UNIB develops a study that addresses approaches to new methodologies based on human biology to accelerate advances in nutritional research

May 13, 2024
UNIB develops a study that addresses approaches to new methodologies based on human biology to accelerate advances in nutritional research

Sandra Sumalla, researcher at the Universidad Internacional Iberoamericana (International Iberoamerican University, UNIB), participates in a study that describes and analyzes the main novel tools that allow the design of human-based nutrition research.

The use of classical methods of cell culture and animal models in nutrition research over the last centuries has been fruitful in the development of knowledge about cellular processes, diet-related mechanisms and various human diseases. However, extrapolating findings from these models to humans poses a critical challenge. This has led to a high proportion of failures in the implementation of drug candidates obtained from preclinical studies and clinical practices.

The most commonly used in vitro models for nutritional research and for food safety assessment are based on monolayer, static, animal or human cell cultures or cocultures, but cannot appropriately model in vivo human situations and mimic systemic responses.

Despite the high genetic similarity between many laboratory animals and humans, animal models are often poor predictors of human health effects and pathophysiological processes. Consequently, scientists are increasingly questioning current drug development strategies based on these models, recognizing the need to enhance human-centered research in fields such as toxicology and regulatory testing.  In addition, there is an increased concern for the suffering of animals used in laboratories and a commitment to explore alternative methods for developing new drugs and products that respect animal dignity.

In recent years, tremendous advances in stem cell culture, three-dimensional (3D) cell culture, sequencing technologies, and computer science have produced a variety of tools and research approaches that offer bold new ways to study human diseases and their responses in a more human-relevant setting. These tools are known as “new approach methodologies” (NAMs), which include human pluripotent stem cells (PSCs) and their derivatives (organoids), dynamic cell cultures and OoC, multi-omics technologies and approaches (transcriptomics, metabolomics and nutrigenomics) derived from global analyses of biological samples and computational models.

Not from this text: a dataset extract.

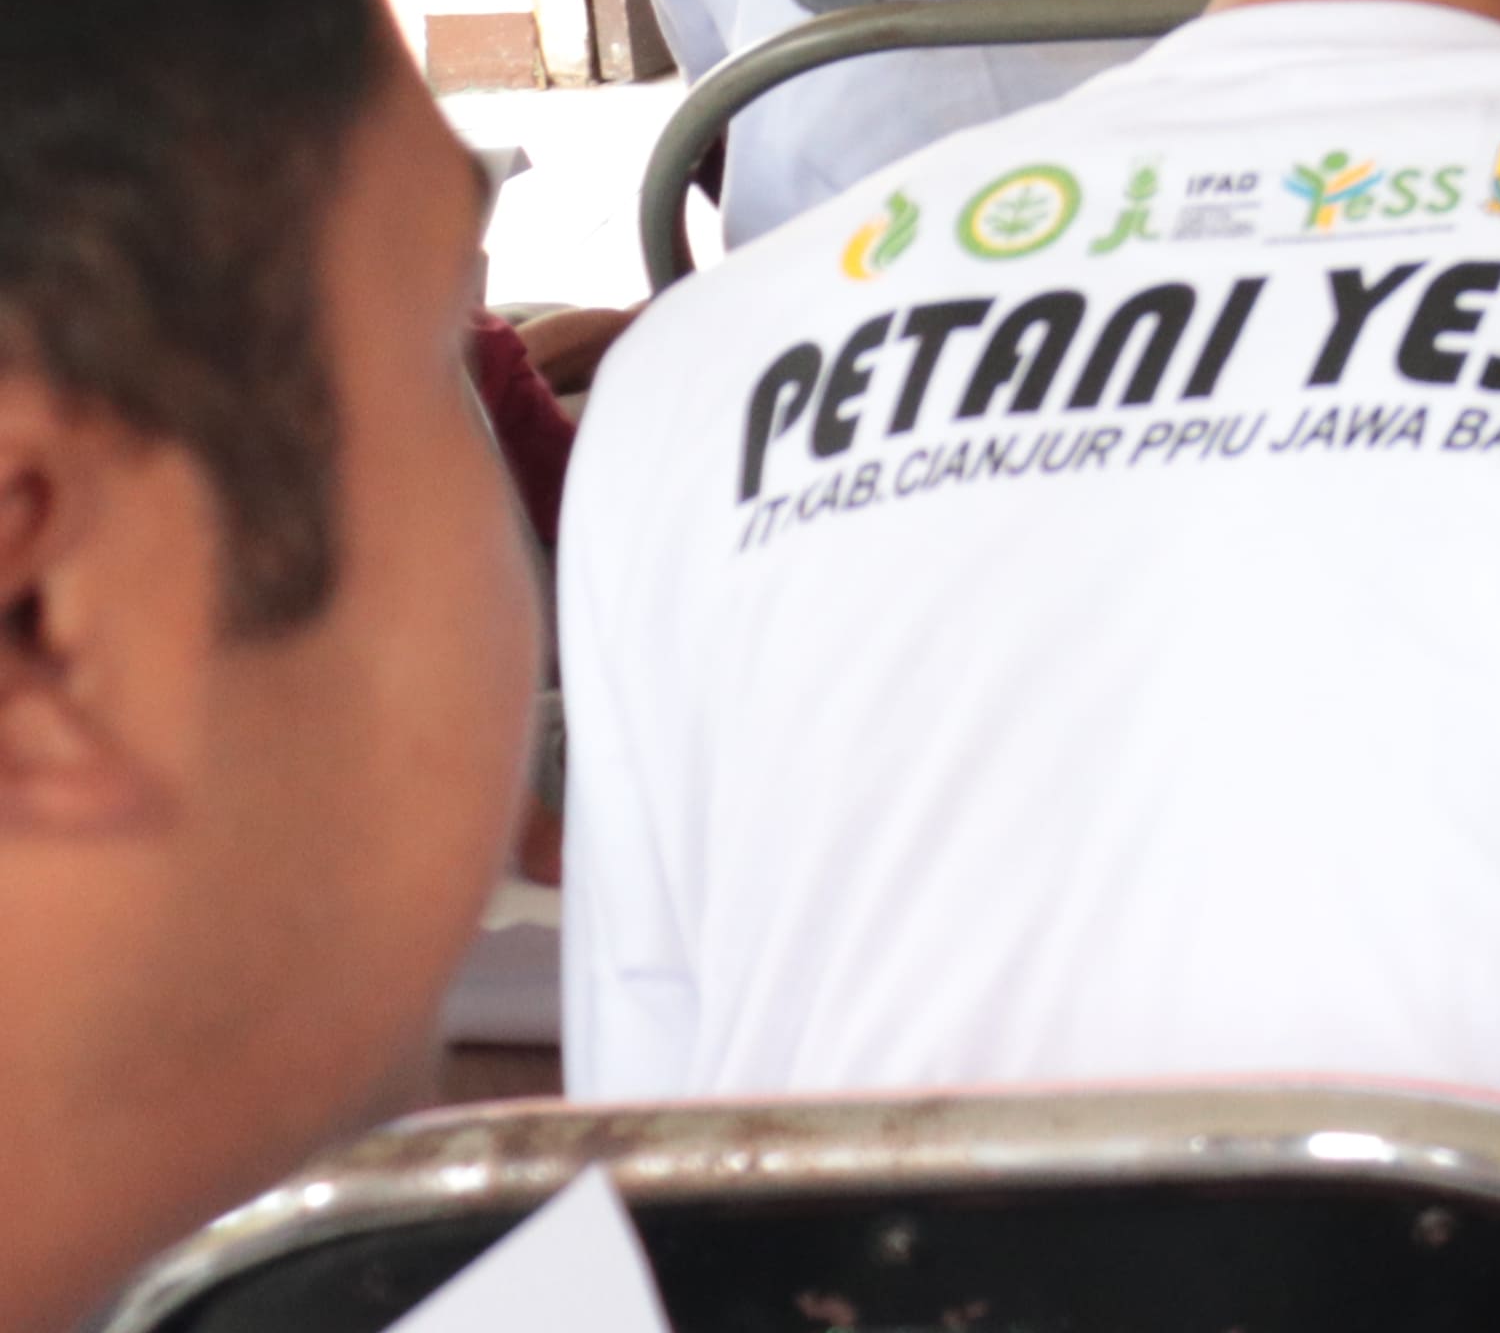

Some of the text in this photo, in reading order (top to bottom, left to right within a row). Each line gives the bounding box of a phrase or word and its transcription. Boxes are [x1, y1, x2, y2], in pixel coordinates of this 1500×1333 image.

[736, 276, 1273, 507] PETANI
[1128, 419, 1264, 467] PPIU
[1268, 403, 1426, 457] JAWA
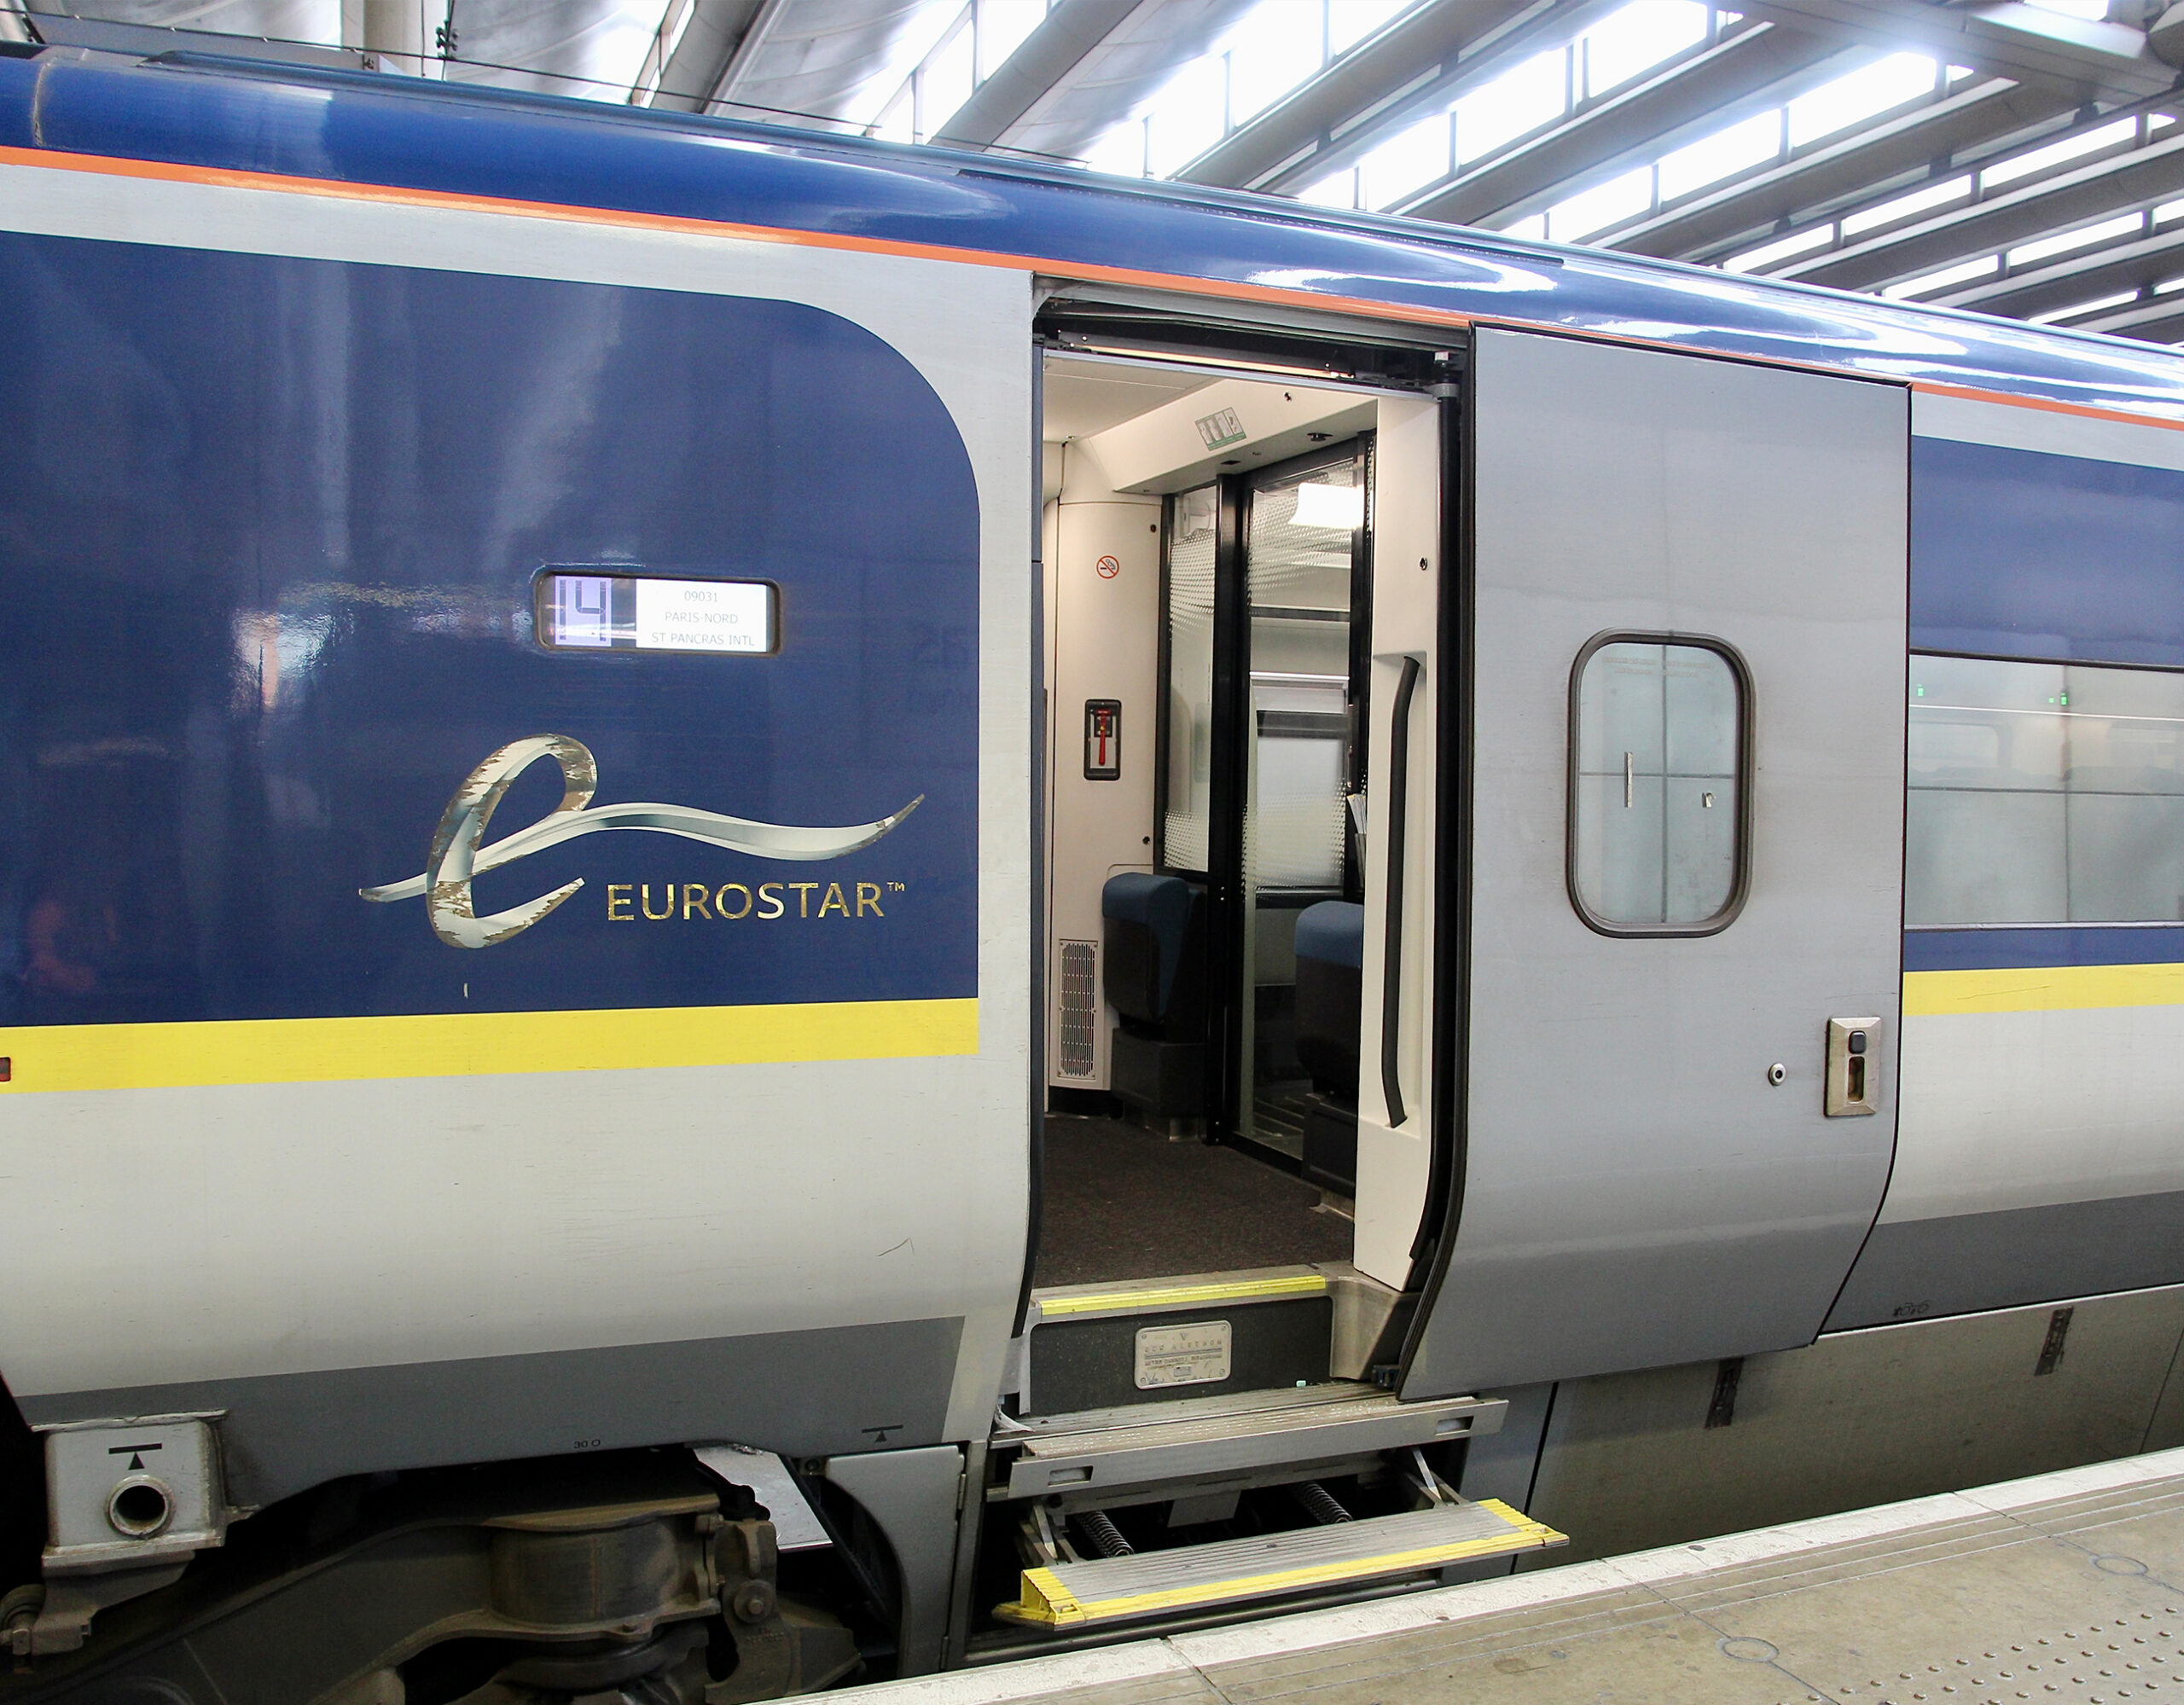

The adoption of these NAMs based on human models will not only improve the relevance and reliability of research, but will also allow the reduction or elimination of the use of animals in nutritional studies. However, bias toward animal models remains a major barrier.

Currently, no single NAM taken individually makes an ideal model, however, using them in an integrated or stepwise fashion, combined with observational studies and human intervention would greatly benefit research. Therefore, the aim of the study is to promote the search for other innovative avenues in nutritional research, in order to achieve a paradigm shift towards a more human biology-centered approach, better understand human nutritional pathophysiology, evaluate new food products, and develop more efficient preventive or therapeutic strategies.